OUR misfortunes inspired me with the idea of these researches. I undertook them immediately after the war of 1870, and have since continued them without interruption, with the determination of perfecting them, and thereby benefiting a branch of industry wherein we are undoubtedly surpassed by Germany.

I am convinced that I have found a precise, practical solution of the arduous problem which I proposed to myself—that of a process of manufacture, independent of season and locality, which should obviate the necessity of having recourse to the costly methods of cooling employed in existing processes, and at the same time secure the preservation of its products for any length of time.

These new studies are based on the same principles which guided me in my researches on wine, vinegar, and the silkworm disease—principles, the applications of which are practically unlimited.

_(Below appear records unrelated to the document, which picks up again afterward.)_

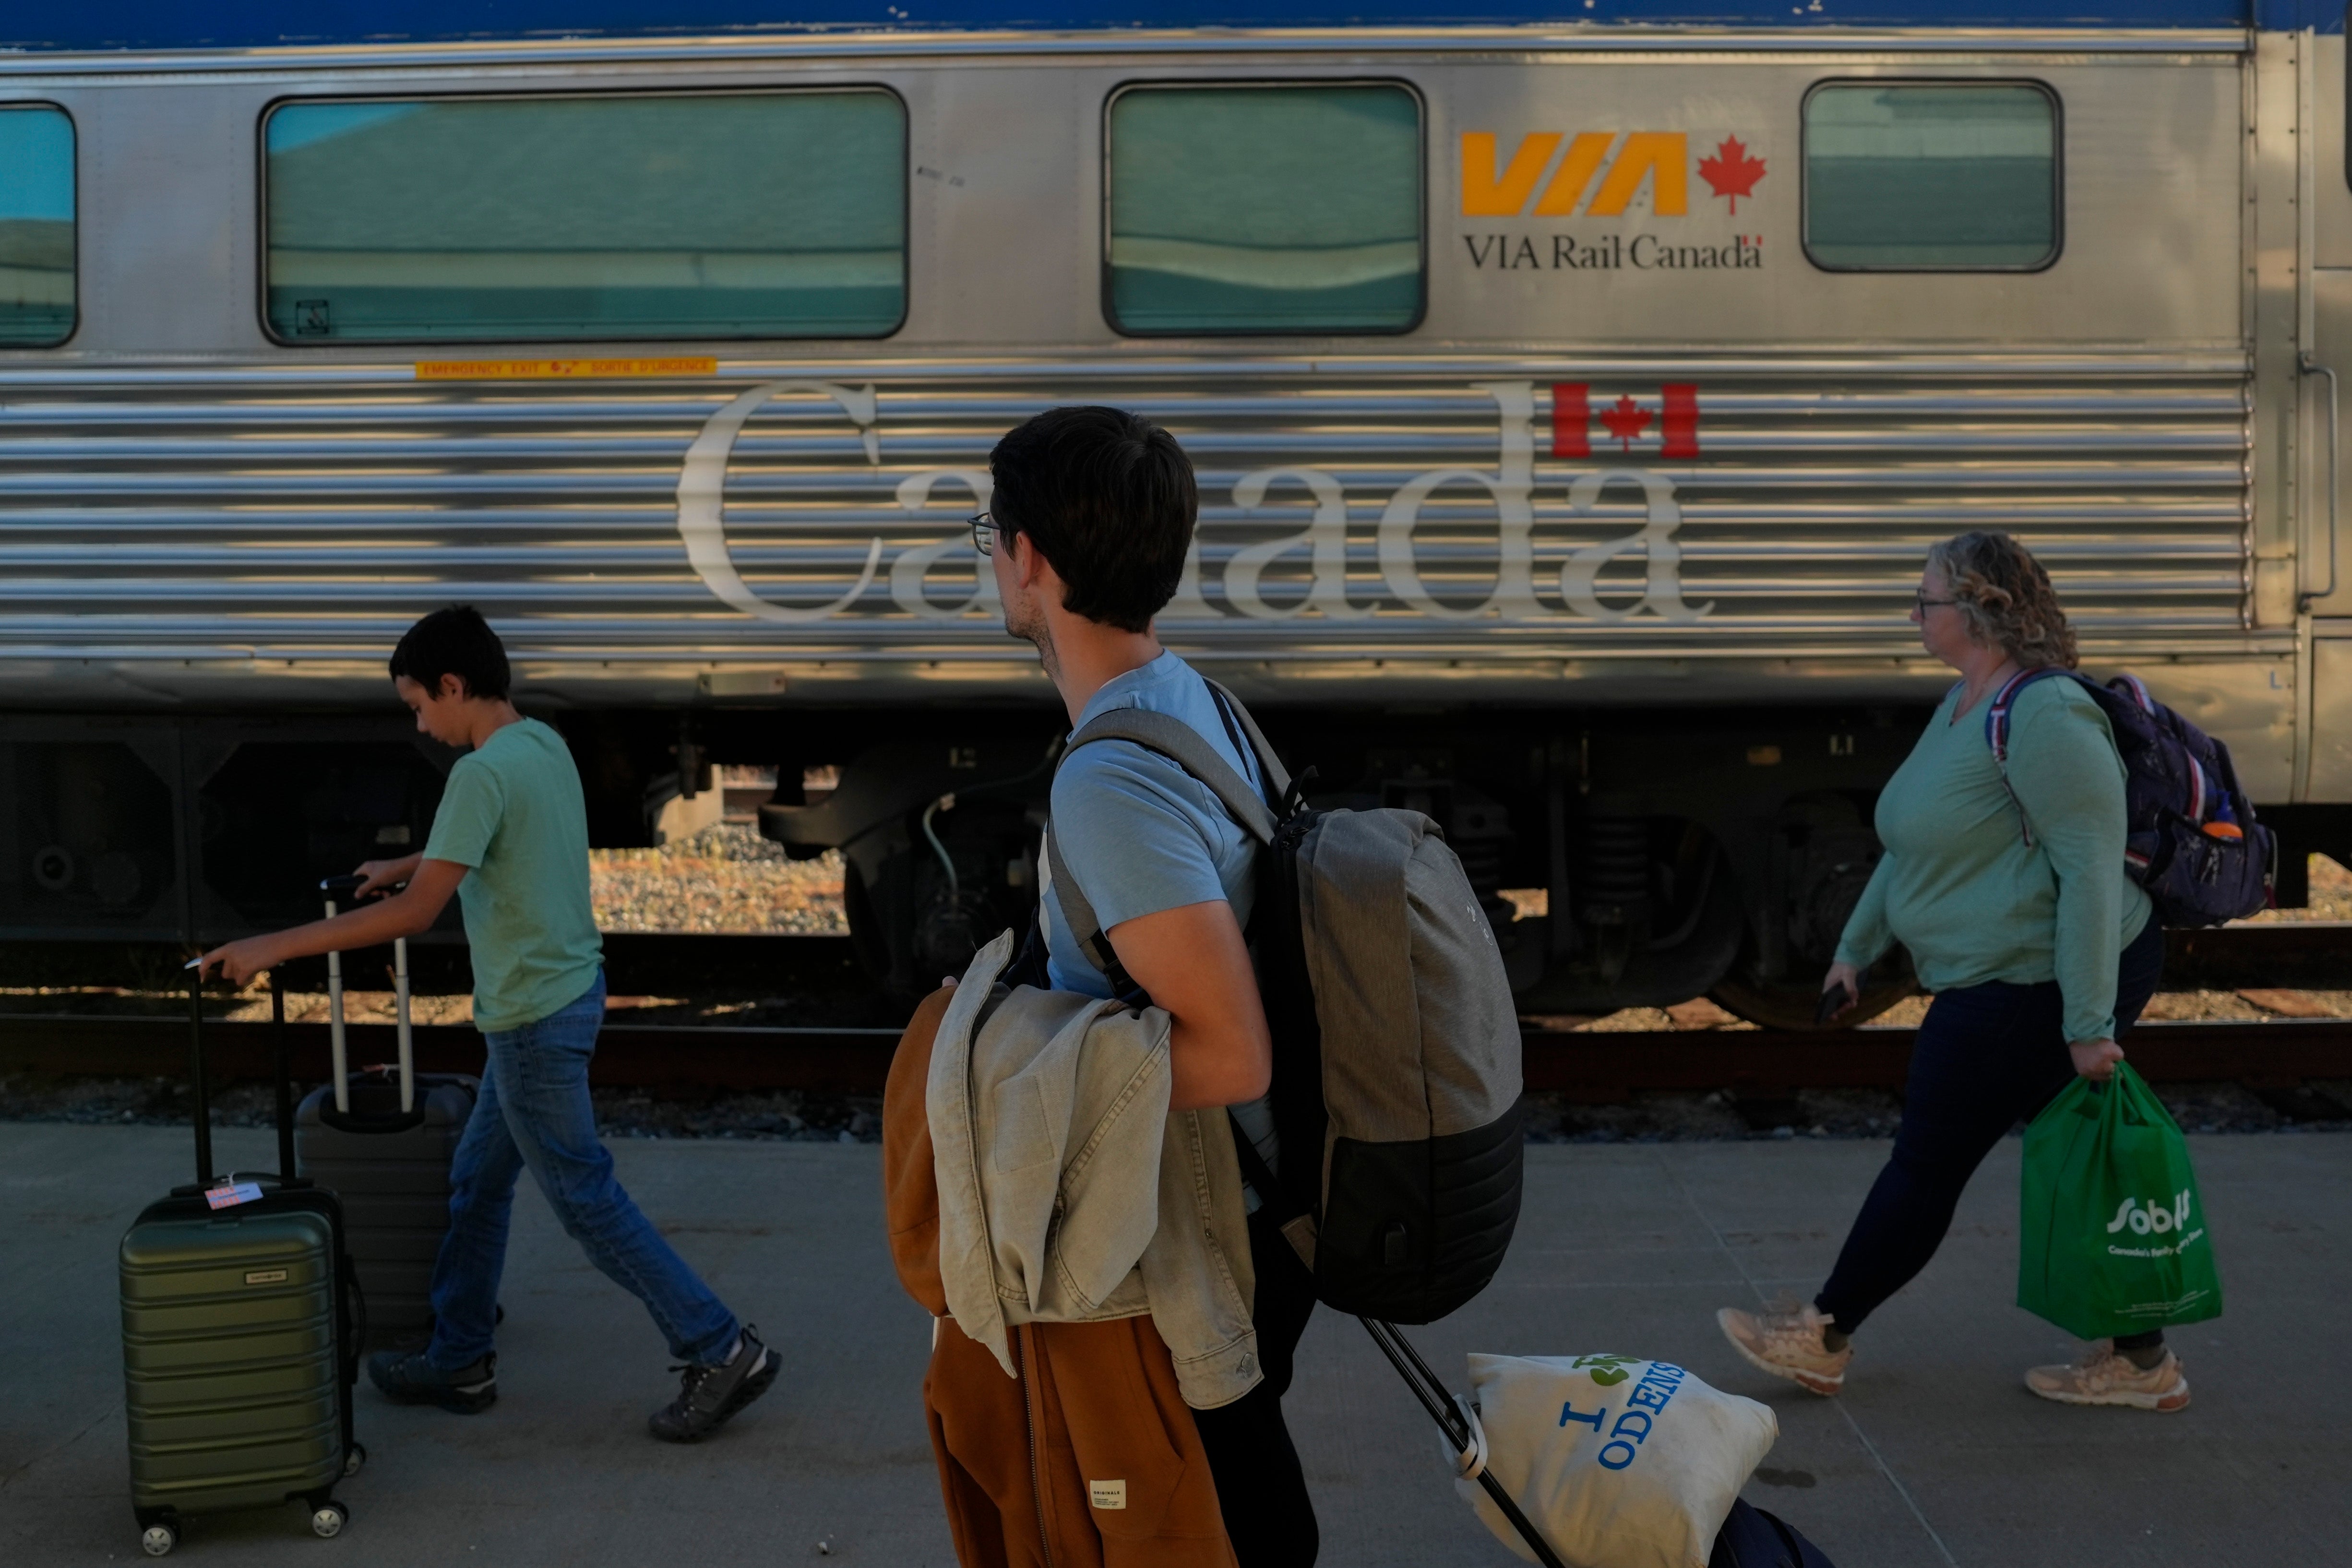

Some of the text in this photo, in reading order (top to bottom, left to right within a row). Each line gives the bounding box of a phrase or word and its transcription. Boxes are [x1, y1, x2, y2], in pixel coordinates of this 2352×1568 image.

[1461, 132, 1688, 216] VIA
[1463, 235, 1762, 270] VIA Rail Canada
[423, 361, 503, 375] EMERGENCY
[511, 361, 539, 375] EXIT
[591, 360, 633, 374] SORTIE
[676, 379, 1715, 624] Caada
[1559, 1401, 1606, 1433] I
[1598, 1362, 1687, 1470] ODENS
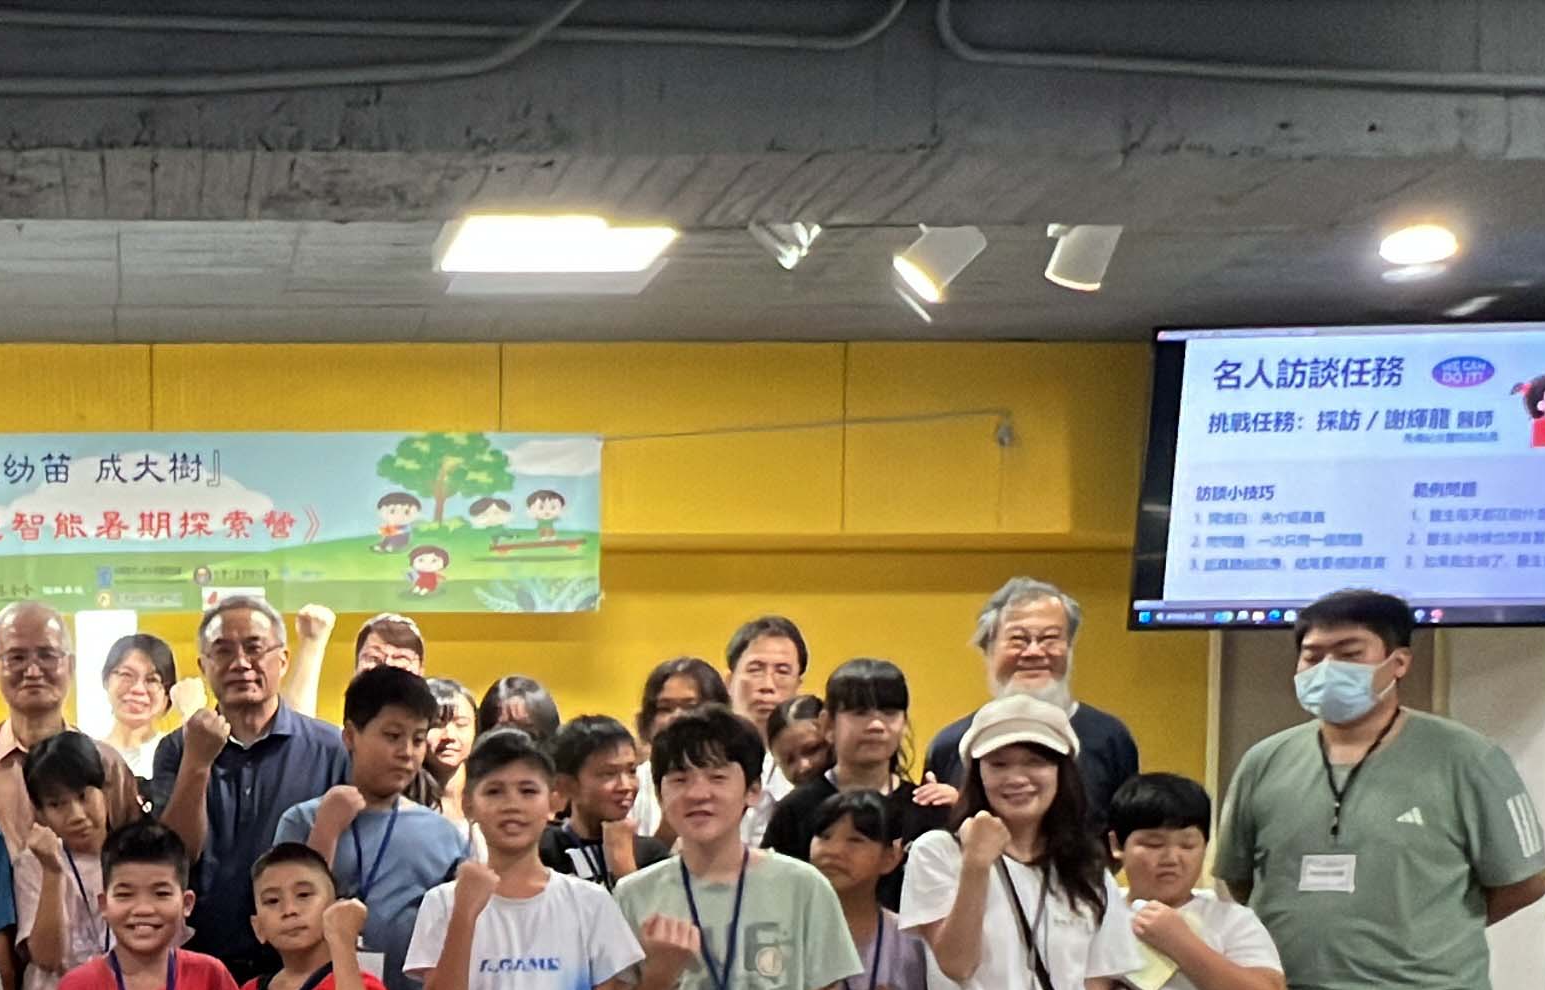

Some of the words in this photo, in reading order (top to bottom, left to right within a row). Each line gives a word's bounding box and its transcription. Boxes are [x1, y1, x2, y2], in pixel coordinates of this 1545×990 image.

[1213, 356, 1405, 390] 名人訪談任務
[1441, 371, 1463, 383] DO
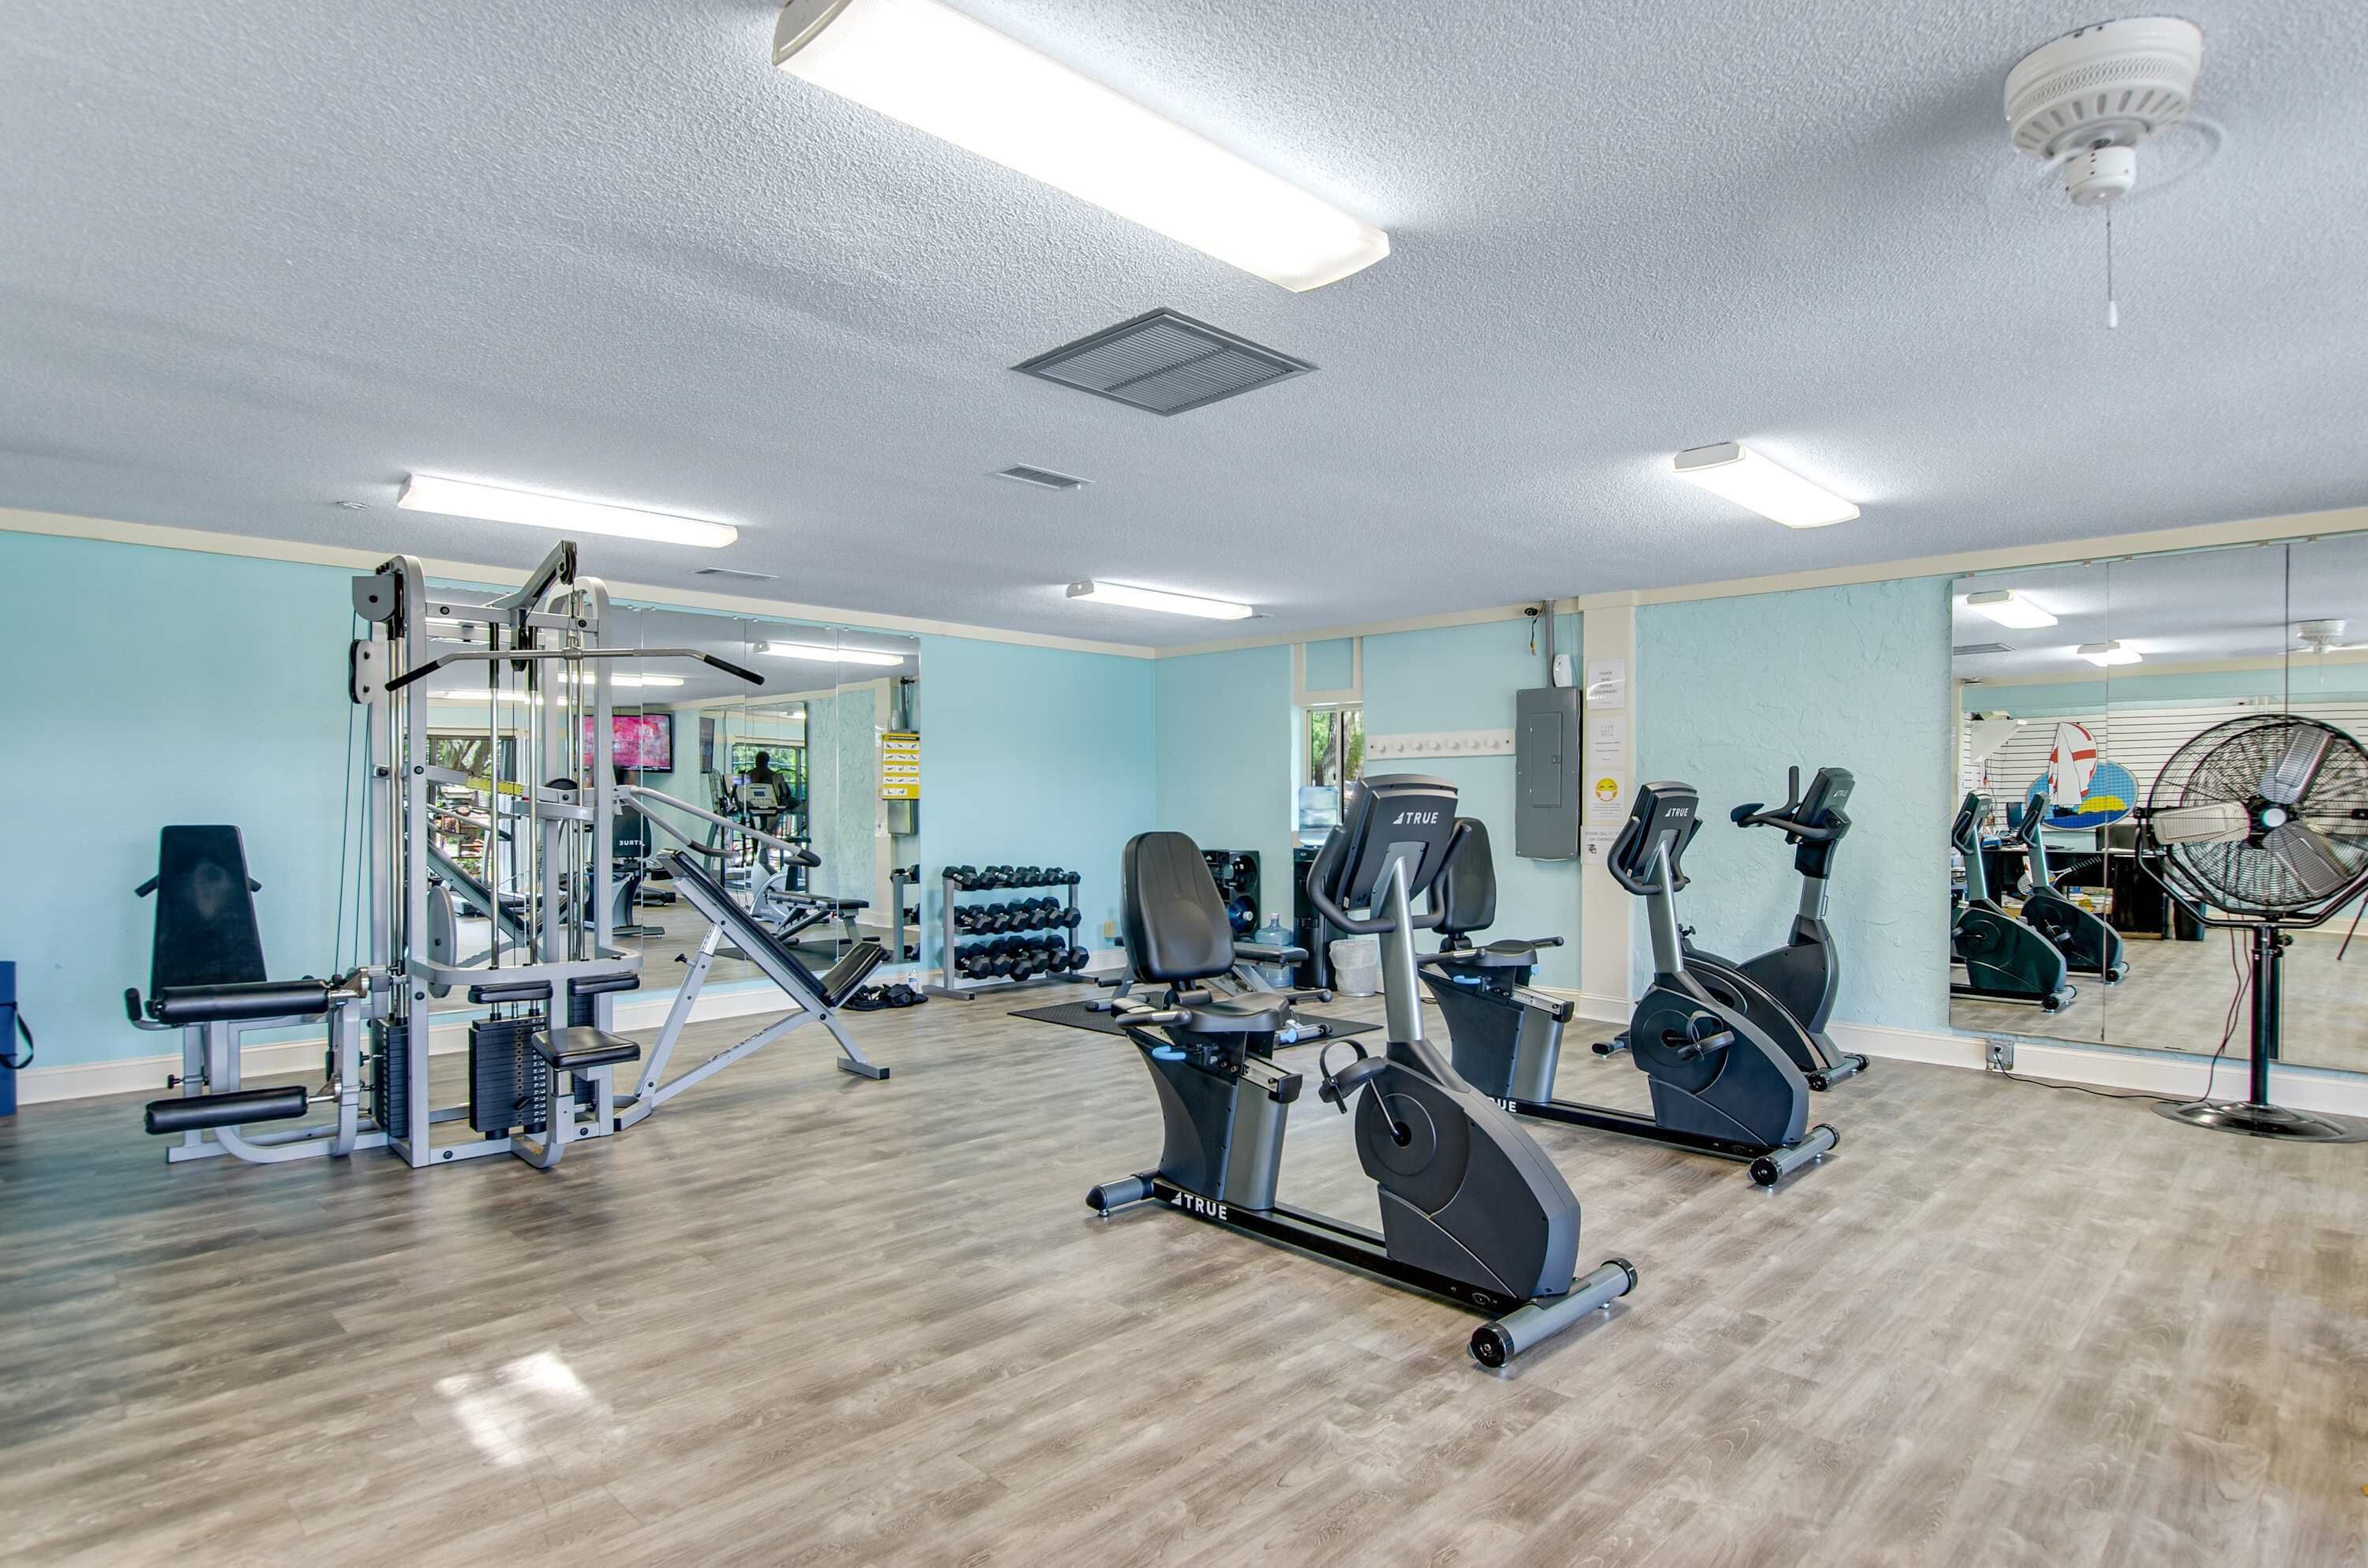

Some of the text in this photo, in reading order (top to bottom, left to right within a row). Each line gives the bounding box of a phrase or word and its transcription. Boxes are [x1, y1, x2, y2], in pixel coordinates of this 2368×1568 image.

The etiology of contagious diseases may, perhaps, receive from them an unexpected light.

I need not hazard any prediction concerning the advantages likely to accrue to the brewing industry from the adoption of such a process of brewing as my study of the subject has enabled me to devise, and from an application of the novel facts upon which this process is founded. Time is the best appraiser of scientific work, and I am not unaware that an industrial discovery rarely produces all its fruit in the hands of its first inventor.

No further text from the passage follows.